Linquist ran pell mell out a loading-dock door. Dedaner watched the circle of glop that had reached Moloney, still piled in half recline.
“Get your stupid ass in gear,” said Moloney, as he pulled himself up. “We’ve got a half dozen valves to hit.” Together, they scrabbled up the tools and trotted to the next tank, breaking the valve loose just as the puddle lapped at their heels. Linquist returned and lent a hand. Within twenty minutes, eight tanks were draining across the 15,000 square feet of floor. Unmentionable chemicals ate at the revolutionaries’ shoes.
Moloney checked Peckerhead again, still shackled to the pipe. “You’ve really stood up, Gabe, made a name for yourself. Michael Moloney will no doubt have names for you as yet uncoined.”

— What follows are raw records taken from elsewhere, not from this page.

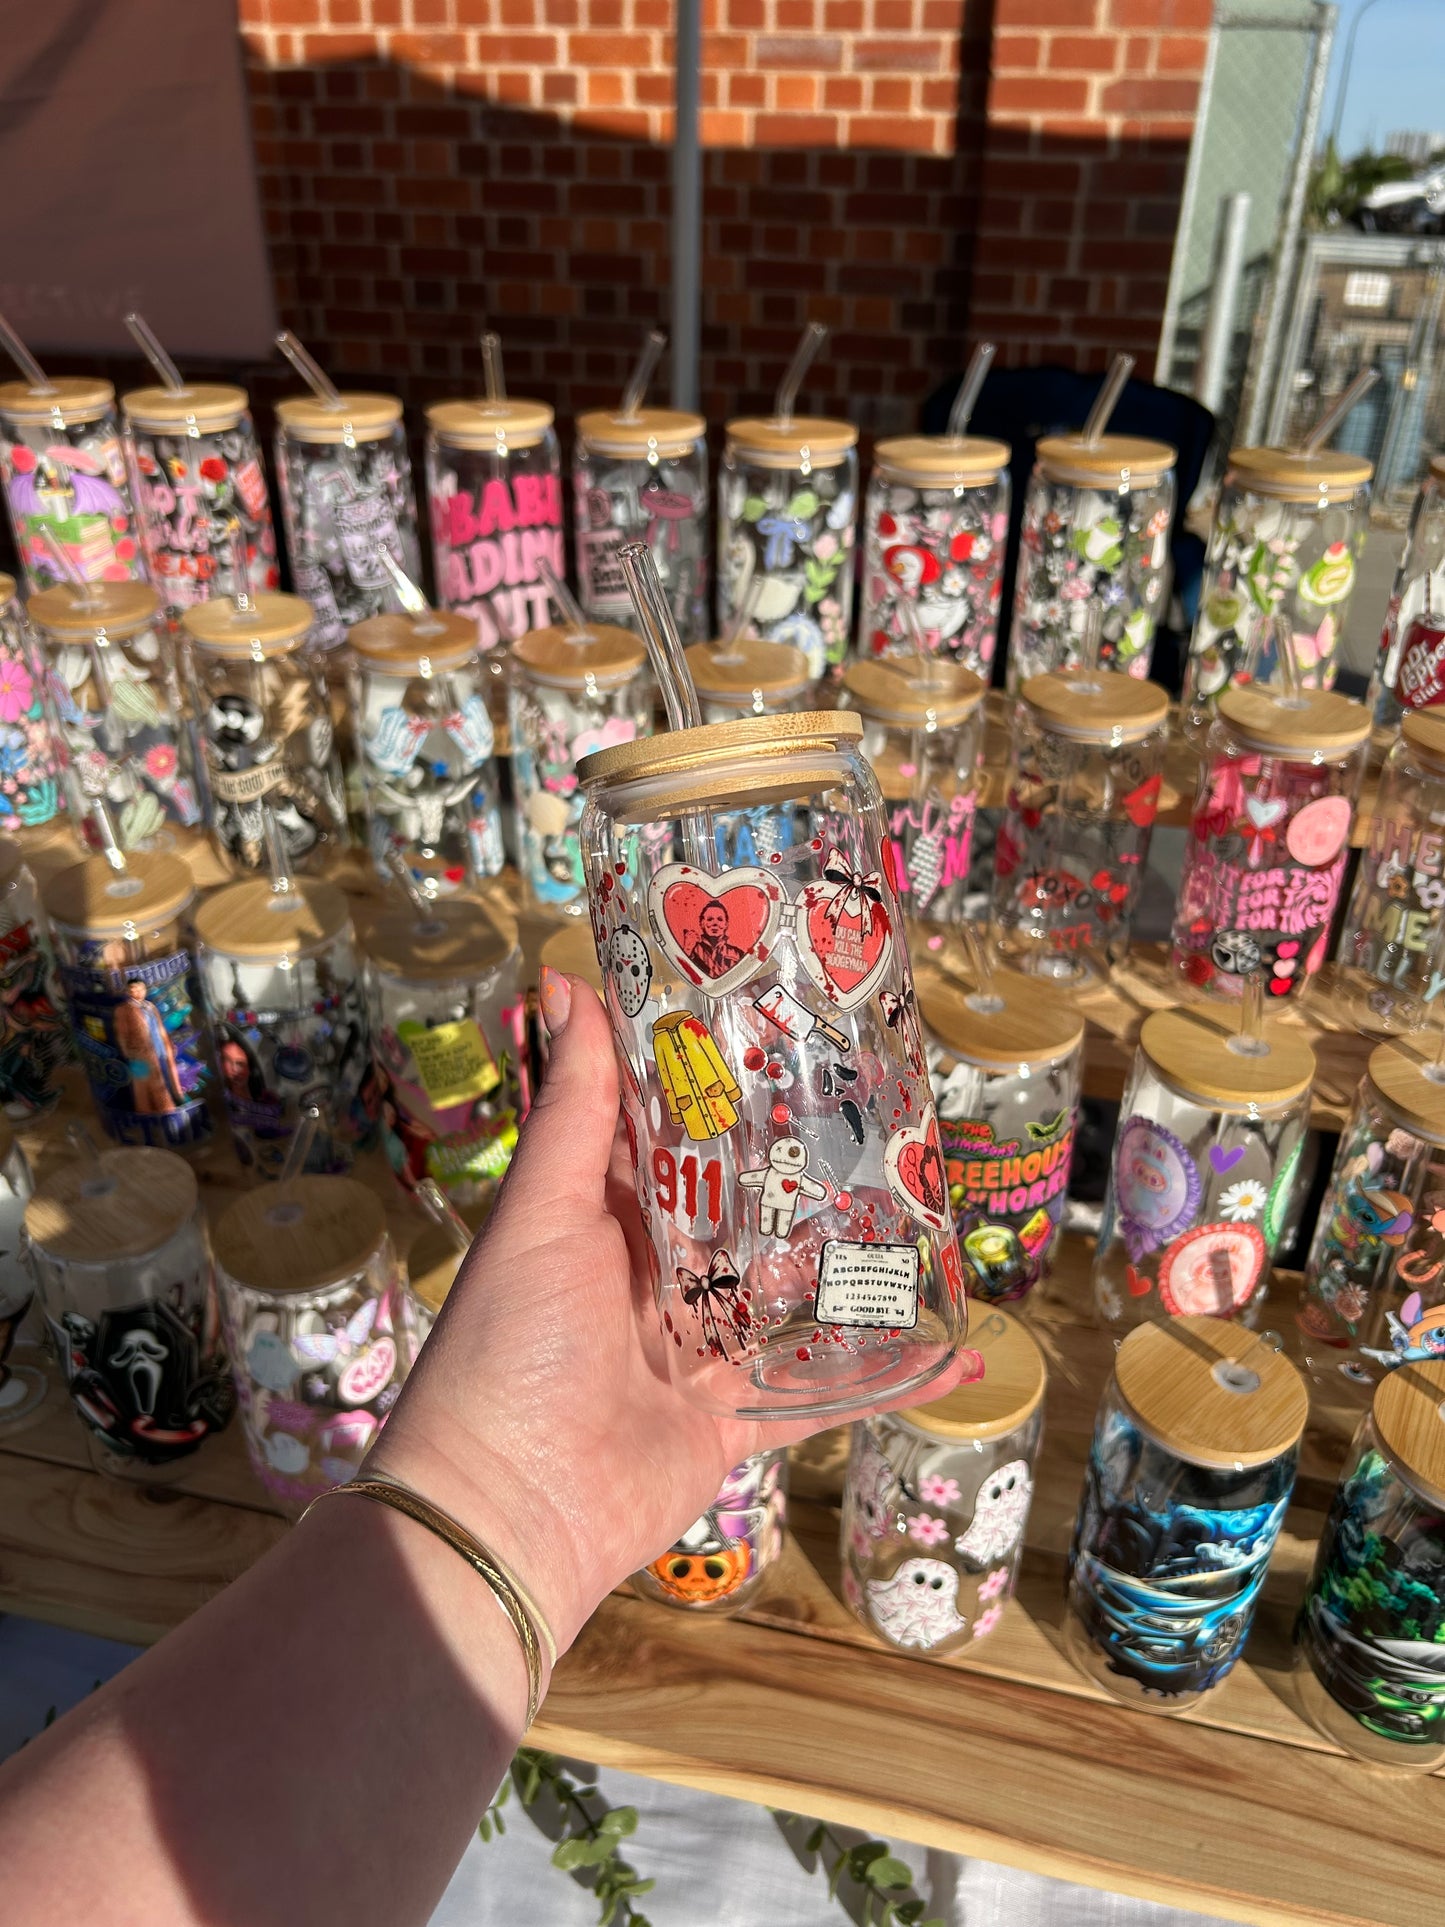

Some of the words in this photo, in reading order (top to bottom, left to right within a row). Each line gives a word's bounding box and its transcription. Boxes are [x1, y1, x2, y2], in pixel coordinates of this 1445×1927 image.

[1240, 868, 1285, 893] FOR
[1237, 886, 1280, 912] FOR
[1235, 907, 1278, 931] FOR
[849, 943, 864, 959] THE
[825, 952, 869, 975] BOOGEYMAN
[960, 1121, 992, 1138] THE
[653, 1147, 722, 1234] 911
[845, 1292, 898, 1303] 1234567890

“I don’t think you spose to be here.”
“You think what you will, the big boys will put you straight. And we’ll all share in the spoils. Right? Now rest up. I may take a bit longer than we thought to get that phone call through. To your dad or whoever. So it would be a good idea for you to do in these things.” He pushed two crackers into Gabe’s mouth at once. “I’d bring water, but the sink looks none too accessible.”

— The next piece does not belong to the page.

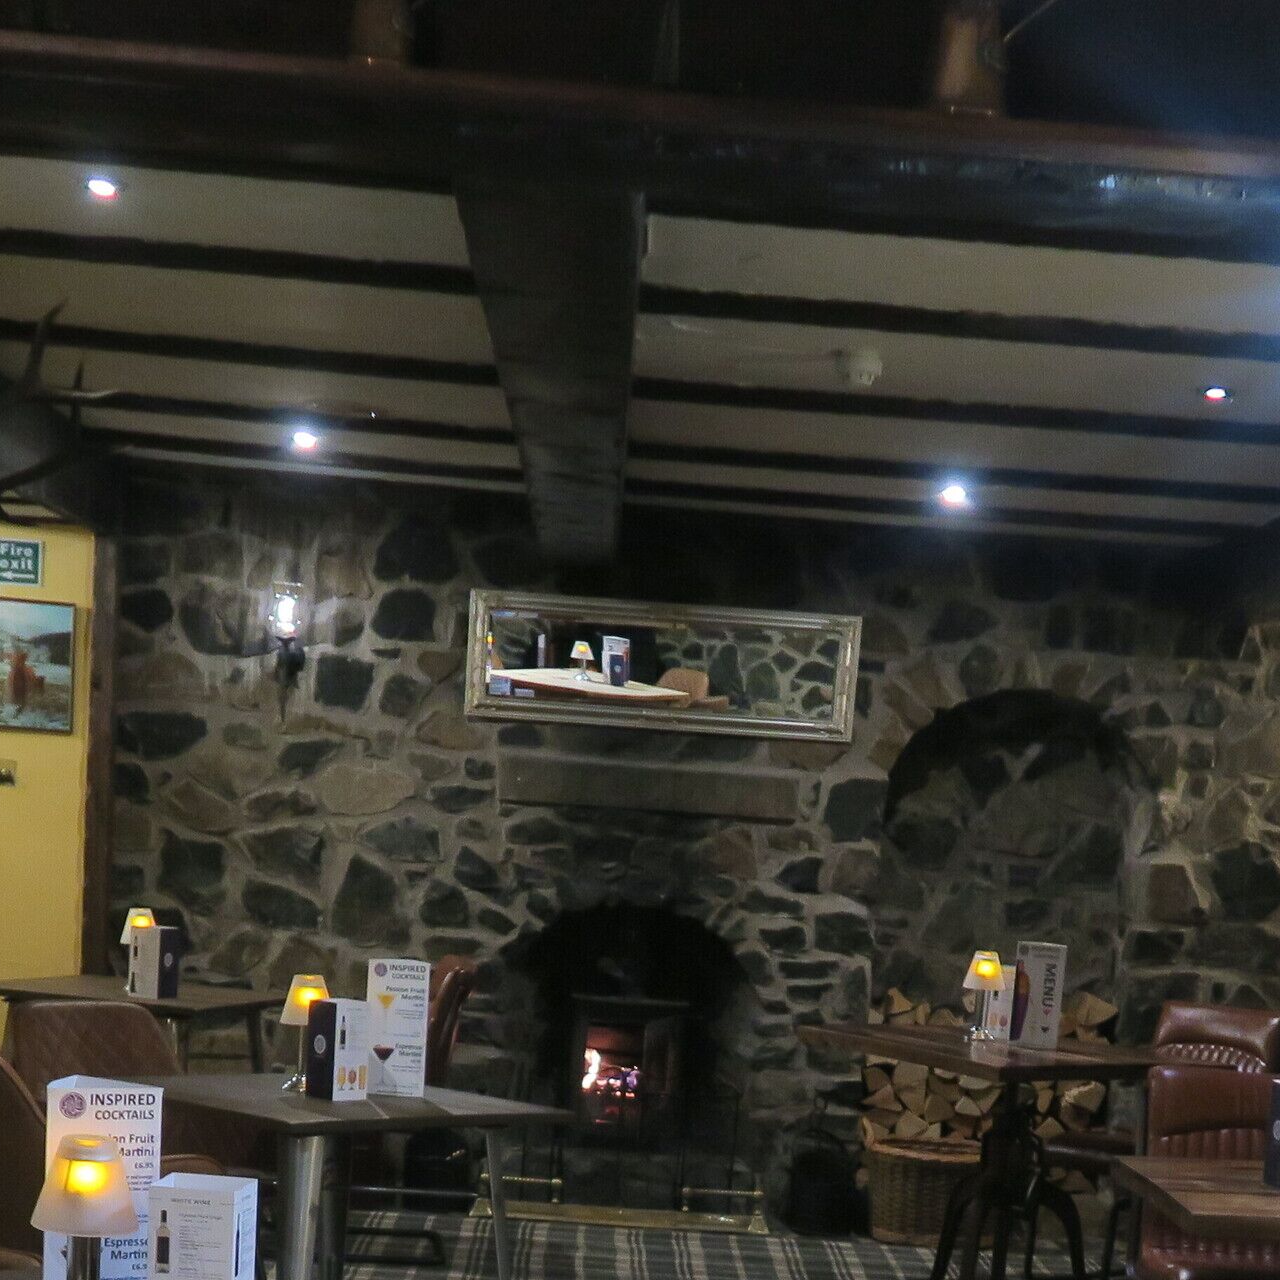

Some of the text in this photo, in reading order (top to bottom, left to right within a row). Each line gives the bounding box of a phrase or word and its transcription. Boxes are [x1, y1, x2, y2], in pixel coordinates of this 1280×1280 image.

The three saboteurs slogged through the rising ionic soup and onto the loading dock, which fortunately stood a few inches above floor level, holding the vile muck in check. The sun had gone low, but summer heat still baked the wasteland of the valley. “The man’s a sinner,” said Linquist, looking out across the devastation wrought by Michael Moloney.
“The man’s an Irish asshole,” said James Moloney, “of all known assholes the most evil.”
“We don’t have jobs no more,” said Dedaner.
Moloney patted his endless array of pockets until he discovered his wallet and handed over its grimy monetary contents. “Cut over to Sable and see how far this will take the two of you on Greyhound, You’ve got a day’s grace. Probably. I’ll use the bicycle.”
Dedaner and Linquist looked fleetingly at each other, avoiding Moloney’s eyes. “Go on,” said Moloney. “Send me a note when you get wherever. They’re not permitted to interfere with the mails.” At the ruined treeline, the conspirators parted with restrained handshakes.
Moloney retrieved his steed after brushing loose the concealing leaves. Looking across the valley, he laughed for the second time that day, two quick, deep has into the day’s silence.
He coasted through town, past his uncle’s walled estate, into the evening gloom of the woods bordering Mead Creek. The birds had done their job for the day, the insects had burrowed into the tree bark and paper nests of their homes. All that was left was the biting smell from the water and a rosy tint above the failing covered bridge.
Moloney dismounted and strolled to the end of the bridge. He placed one foot on the cracked beam where the floorboards had rotted and vanished. Balancing easily, he moved out over the stream. The wood beneath him creaked, and the entire bridge protested with a mild shiver. At the center of the span, perhaps eight feet above the lazy flow of water, Moloney leapt high and came down, smack. The beam shrieked like a far-off murder, split gunshot-hard, and parted, twisting the structure of the bridge so that it shat rusted nails and patches of diseased flooring.
Moloney held to a strut to keep from pitching through the great gap he had created. Brachiating like an ape, he swung above the broken timbers that had fallen into a new, temporarily stable configuration. When he reached his starting point, he dropped onto the grass giving way to the annual onslaught of nettle and jewelweed.
He wiped his hands on his jury-rigged trousers and mounted his bicycle. He did not look back. By the arched entrance through his uncle’s stone wall, he paused to place an envelope in the roadside mailbox.